Part of the health care reform impact on employers is that they are now required to offer health insurance to employees. Generally, there are five options. Most commonly, employers offer Health Maintenance Organizations or HMOs, under which employees choose a primary care physician who helps to manage health care by providing referrals to other doctors within the HMO network. Employees are responsible for copays, while the insurance company covers the rest. A slightly more expensive option are Preferred Provider Organizations or PPOs. PPOs give employees plenty of choices in terms of service providers and allow them to visit out of network specialists at some additional cost. Other options include point of service plans through which employees select a primary care physician who makes in and out of network referrals, high deductible plans that work well for young workers who are unlikely to require regular medical services, and self insurance through which companies cover their own costs and work with a self insuring company to set up highly customized coverage.

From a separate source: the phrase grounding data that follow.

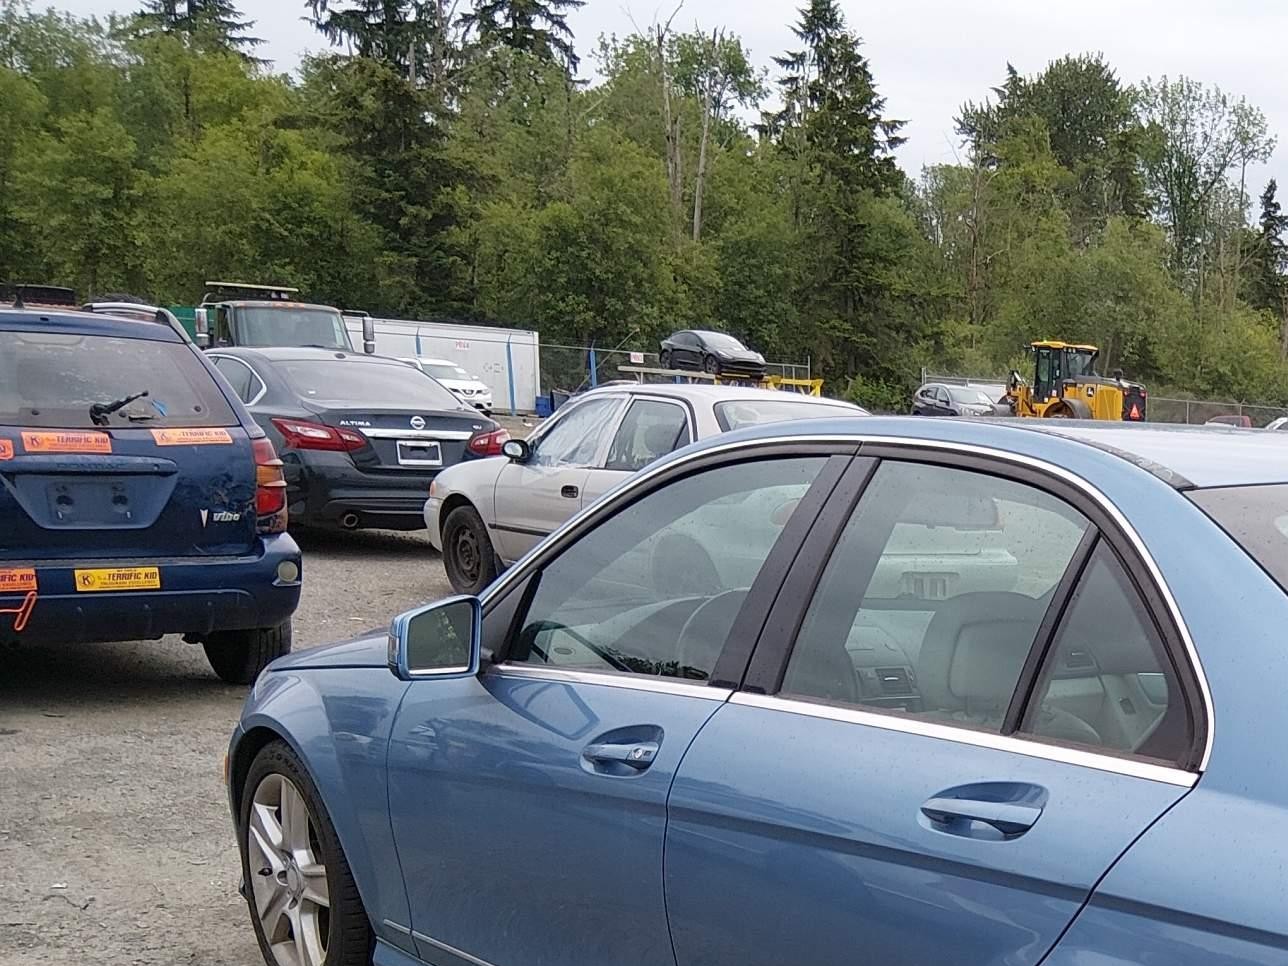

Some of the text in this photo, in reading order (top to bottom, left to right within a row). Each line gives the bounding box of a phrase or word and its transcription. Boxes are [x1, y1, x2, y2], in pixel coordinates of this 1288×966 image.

[339, 419, 371, 427] ALTIMA
[107, 572, 142, 581] TERRIFIC
[143, 571, 158, 580] KID
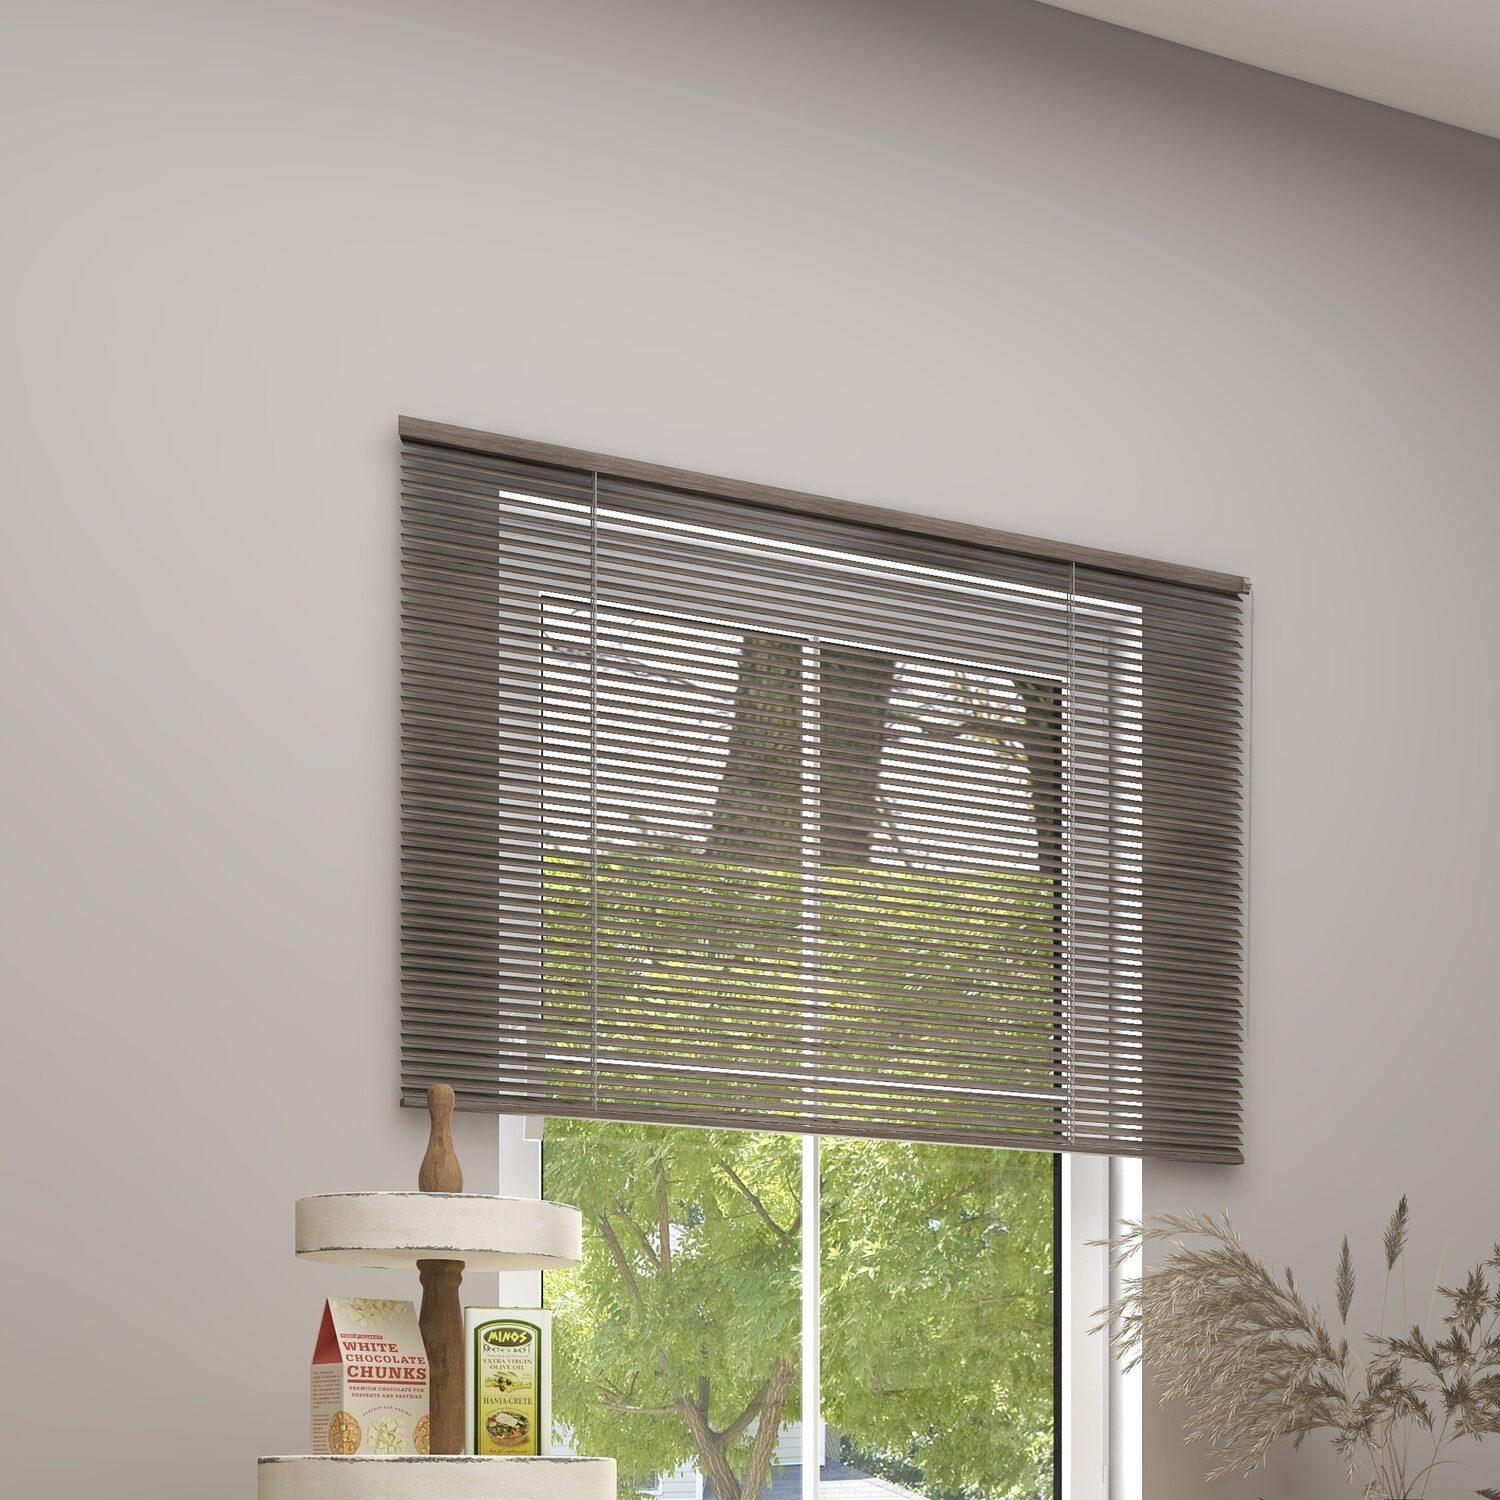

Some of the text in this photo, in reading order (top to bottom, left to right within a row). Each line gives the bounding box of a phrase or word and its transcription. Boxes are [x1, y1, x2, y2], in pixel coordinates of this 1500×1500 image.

[488, 1331, 527, 1343] MINOS
[342, 1341, 399, 1353] WHITE
[346, 1354, 426, 1365] CHOCOLATE
[347, 1365, 427, 1379] CHUNKS
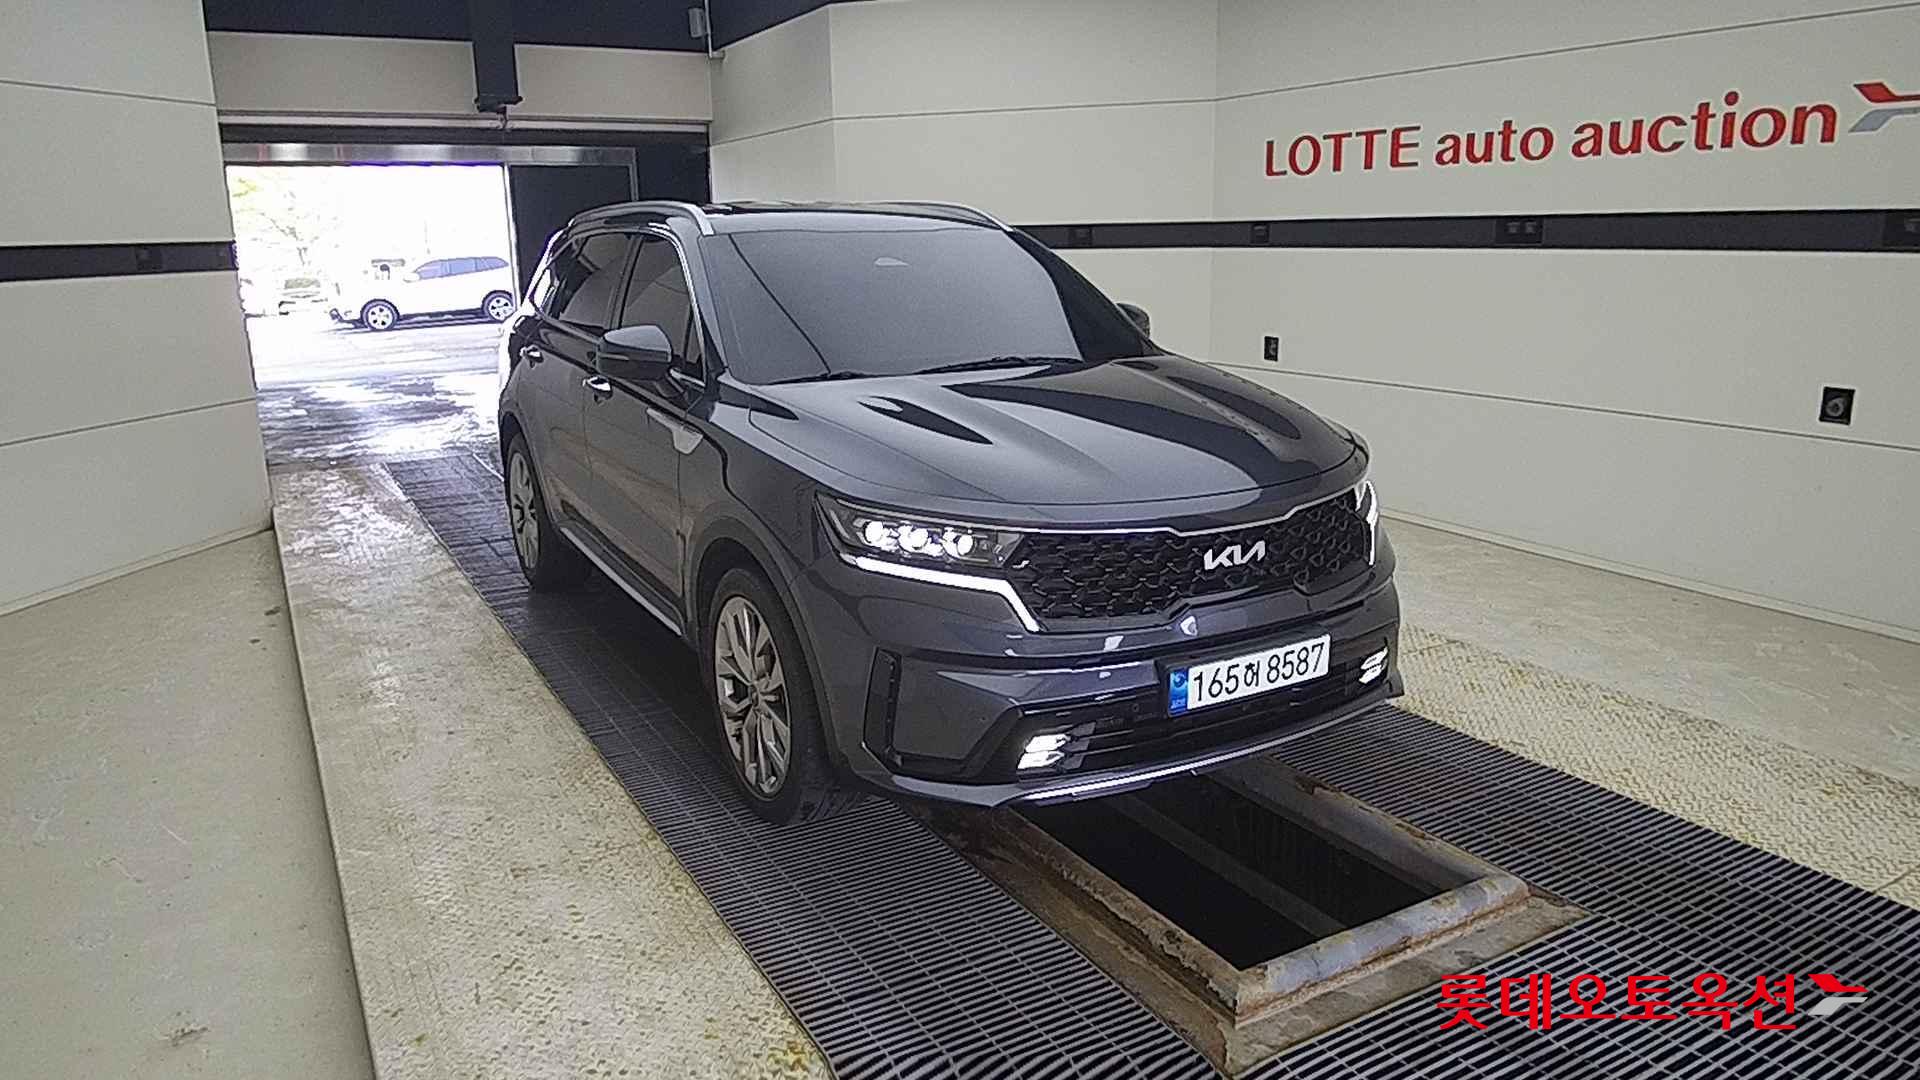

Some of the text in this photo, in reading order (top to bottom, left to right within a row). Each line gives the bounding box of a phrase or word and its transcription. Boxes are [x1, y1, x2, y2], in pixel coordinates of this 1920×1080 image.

[1265, 90, 1838, 177] LOTTE auto auction
[1203, 540, 1266, 571] KIA
[1266, 642, 1325, 683] 8587

401K Retirement Savings Plans

When the section of the Internal Revenue Code that making 401K plans possible was enacted into law in 1978, it quickly became one of the most popular retirement plans around. Because many businesses are less inclined to offer 401K benefits to lower paid employees, there is an IRS rule limiting the maximum deferral by the company’s “highly compensated” employees, based on the average deferral by the company’s non highly compensated employees. 401K fees and expenses include those for administrative services, investment management services, and sometime outside consulting services. Businesses work with 401 K providers to provide a voluntary retirement savings plan into which employees can contribute a portion of their pre tax earnings. Employers administer and control the plan, and many match employee contributions on a tax deductible basis.

Mandatory Workers Compensation Coverage

Much like health insurance, workers compensation coverage is mandatory for employers to provide. Workers’ compensation coverage provides income, medical benefits and rehab for workers injured on the job or while performing work related duties. It guarantees that injured workers receive financial compensation for medical care and for the income lost during the time that they are unable to work. Workers compensation coverage also helps protect employers from lawsuits initiated by workers injured on the job.

Providing a solid benefits package, though expensive, is one of the best ways to reduce employee turnover rates and to foster employee satisfaction. There are many options, however, and what’s right for one company may not work for another. It is best to set up a meeting with an insurance service that can help you find what will work for your company and your employees.

6 thoughts on “A Guide to Employee Benefits

  1. MATERNITY LEAVE! the US offers the least amount of maternity leave in the world. lets fix that.

  2. MATERNITY LEAVE! the US offers the least amount of maternity leave in the world. lets fix that.

  3. MATERNITY LEAVE! the US offers the least amount of maternity leave in the world. lets fix that.